The mean number of bumped airline passengers per day is 1.35 and the standard deviation is 0.25. For a random selection of a group of 40 days, what is the probability that the mean of bumped passengers for the 40 days will be between 1.25 and 1.50?
Use this z-score formula for this problem:
z = (x - mean)/(sd/√n)
x = 1.25, 1.50
mean = 1.35
sd = 0.25
n = 40
Calculate two z-scores, then use a z-table to determine probability between the two scores.

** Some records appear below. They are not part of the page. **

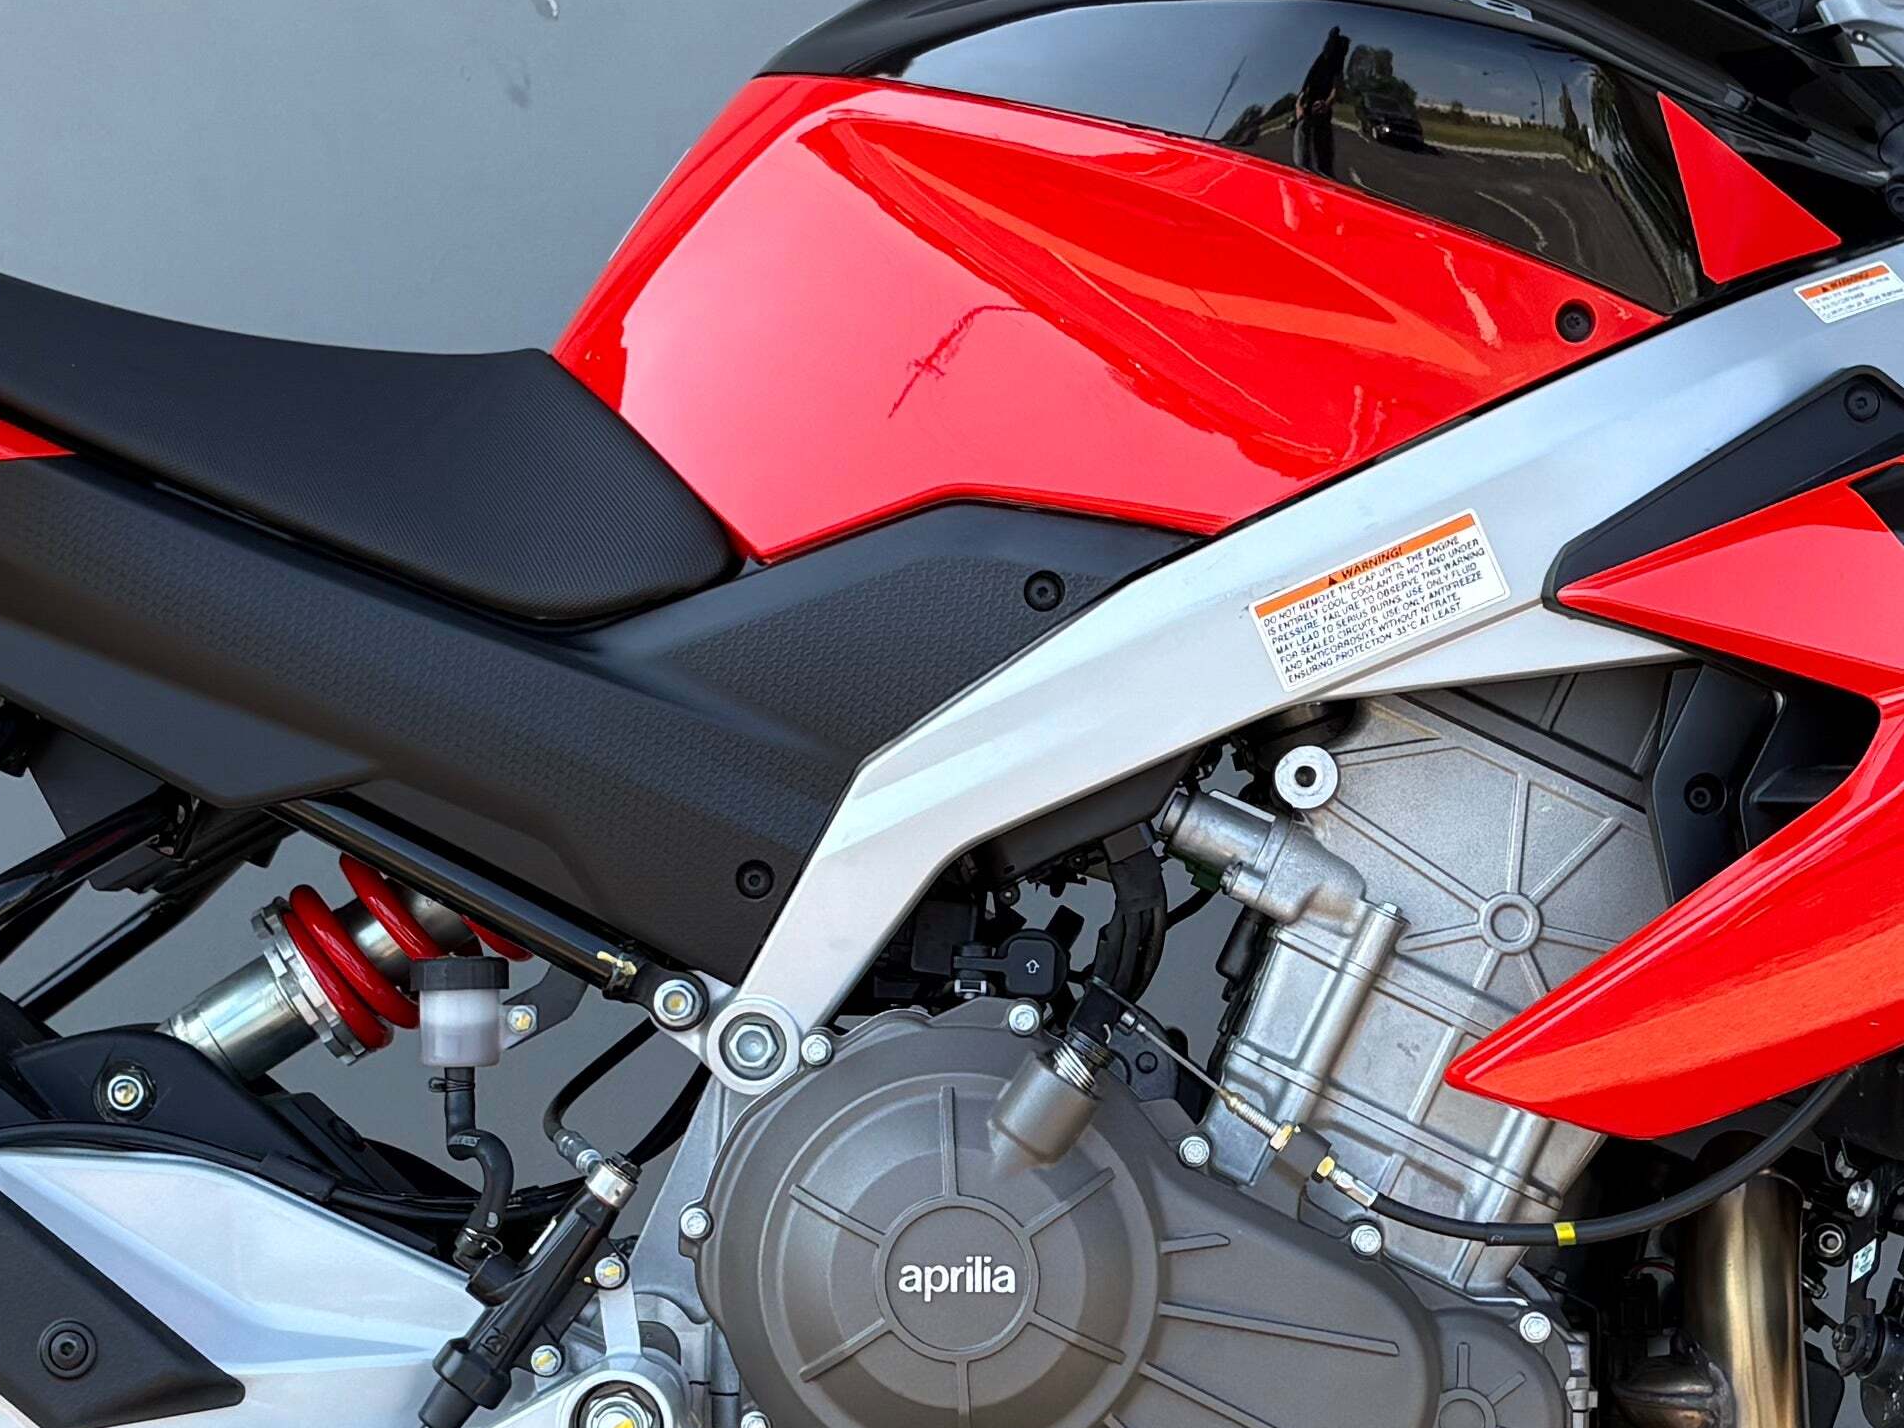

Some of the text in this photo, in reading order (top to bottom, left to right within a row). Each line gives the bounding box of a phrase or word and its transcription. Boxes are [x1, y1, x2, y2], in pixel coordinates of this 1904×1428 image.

[1262, 615, 1277, 627] DO
[1278, 606, 1296, 620] NOT
[1298, 589, 1336, 611] REMOVE
[1338, 580, 1356, 594] THE
[1406, 551, 1423, 564] THE
[1424, 535, 1459, 556] ENGINE
[1266, 626, 1276, 636] IS
[1277, 608, 1319, 632] ENTIRELY
[1349, 575, 1394, 600] COOLANT
[1395, 570, 1404, 580] IS
[1426, 552, 1446, 566] AND
[1447, 538, 1479, 557] UNDER
[1322, 601, 1360, 623] FAILURE
[1362, 594, 1375, 606] TO
[1375, 575, 1419, 600] OBSERVE
[1420, 565, 1441, 580] THIS
[1442, 546, 1485, 570] WARNING
[1340, 545, 1403, 580] WARNING!
[1275, 641, 1294, 655] MAY
[1295, 630, 1320, 646] LEAD
[1321, 623, 1334, 635] TO
[1404, 584, 1423, 598] USE
[1425, 573, 1449, 589] ONLY
[1279, 650, 1299, 665] FOR
[1381, 606, 1400, 620] USE
[1401, 594, 1426, 611] ONLY
[1417, 615, 1430, 626] AT
[1283, 659, 1303, 674] AND
[896, 1255, 1017, 1303] aprilia

I hope this will help get you started.
z=(1.25-1.35)/(0.25sqrt40)= -0.0791
z=(1.50-1.35)/(0325sqrt40)= 0.0791
but not sure how to read the z scores I don't know if it would be.5000-.5000 or what can someone please help me on the z scores for -0.0791 and 0.0791
SD/√n = .25/6.3246 = .039528192 = .04
Z = (1.25-1.35)/.04 = -.10/.04 = -2.5
Z = (1.50-1.35)/.04 = .15/.04 = ?
Find table in the back of your statistics text labeled something like "areas under normal distribution" to find the proportion/probability of both Z scores between those Z scores and mean. Add the two together.
To find the probability that the mean of bumped passengers for 40 days will be between 1.25 and 1.50, we can use the Central Limit Theorem and the standard normal distribution.

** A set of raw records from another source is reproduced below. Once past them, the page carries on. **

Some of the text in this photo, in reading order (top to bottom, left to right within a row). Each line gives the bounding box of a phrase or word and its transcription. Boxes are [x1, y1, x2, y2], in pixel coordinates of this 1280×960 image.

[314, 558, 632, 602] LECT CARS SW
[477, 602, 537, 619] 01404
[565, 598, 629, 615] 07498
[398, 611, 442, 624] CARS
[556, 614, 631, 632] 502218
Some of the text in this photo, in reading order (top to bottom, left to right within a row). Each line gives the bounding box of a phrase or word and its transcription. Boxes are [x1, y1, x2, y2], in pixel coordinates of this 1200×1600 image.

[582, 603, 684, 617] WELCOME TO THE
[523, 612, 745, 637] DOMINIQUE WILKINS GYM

According to the Central Limit Theorem, for a large sample size (n > 30 in this case), the sampling distribution of the sample means will be approximately normal, regardless of the shape of the population distribution.
First, let's find the standard error (SE) of the mean for the 40-day sample. The standard error is the standard deviation of the population divided by the square root of the sample size.
SE = standard deviation / √sample size
SE = 0.25 / √40
SE ≈ 0.0397
Next, we need to standardize the sample mean using the z-score formula:
z = (x - μ) / (SE)
where x is the value we are interested in (1.25 and 1.50 in this case), μ is the population mean (1.35 in this case), and SE is the standard error.
For 1.25:
z1 = (1.25 - 1.35) / 0.0397 ≈ -2.52
For 1.50:
z2 = (1.50 - 1.35) / 0.0397 ≈ 3.78
Now, we can use the standard normal distribution table or a calculator to find the probability of getting a z-score between -2.52 and 3.78.
P(-2.52 < z < 3.78) ≈ P(z < 3.78) - P(z < -2.52)
Using a standard normal distribution table, we can find the probabilities: P(z < 3.78) ≈ 1 and P(z < -2.52) ≈ 0.0056.
Therefore, the probability that the mean of bumped passengers for the 40 days will be between 1.25 and 1.50 is approximately 1 - 0.0056 = 0.9944, or 99.44%.